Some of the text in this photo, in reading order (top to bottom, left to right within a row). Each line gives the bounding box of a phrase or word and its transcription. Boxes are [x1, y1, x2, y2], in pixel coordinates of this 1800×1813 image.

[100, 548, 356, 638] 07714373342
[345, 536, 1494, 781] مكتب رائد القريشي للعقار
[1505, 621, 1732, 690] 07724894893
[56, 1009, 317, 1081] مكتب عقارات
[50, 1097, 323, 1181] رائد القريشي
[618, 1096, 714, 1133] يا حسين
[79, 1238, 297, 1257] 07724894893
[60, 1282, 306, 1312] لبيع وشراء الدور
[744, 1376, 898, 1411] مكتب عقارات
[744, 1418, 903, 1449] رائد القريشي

○ ○ ○ ○

Take the records above and return them exactly as written.

# Answer space:
Some of the text in this photo, in reading order (top to bottom, left to right within a row). Each line gives the bounding box of a phrase or word and its transcription. Boxes are [x1, y1, x2, y2], in pixel coordinates of this 1800×1813 image.

[100, 548, 356, 638] 07714373342
[345, 536, 1494, 781] مكتب رائد القريشي للعقار
[1505, 621, 1732, 690] 07724894893
[56, 1009, 317, 1081] مكتب عقارات
[50, 1097, 323, 1181] رائد القريشي
[618, 1096, 714, 1133] يا حسين
[79, 1238, 297, 1257] 07724894893
[60, 1282, 306, 1312] لبيع وشراء الدور
[744, 1376, 898, 1411] مكتب عقارات
[744, 1418, 903, 1449] رائد القريشي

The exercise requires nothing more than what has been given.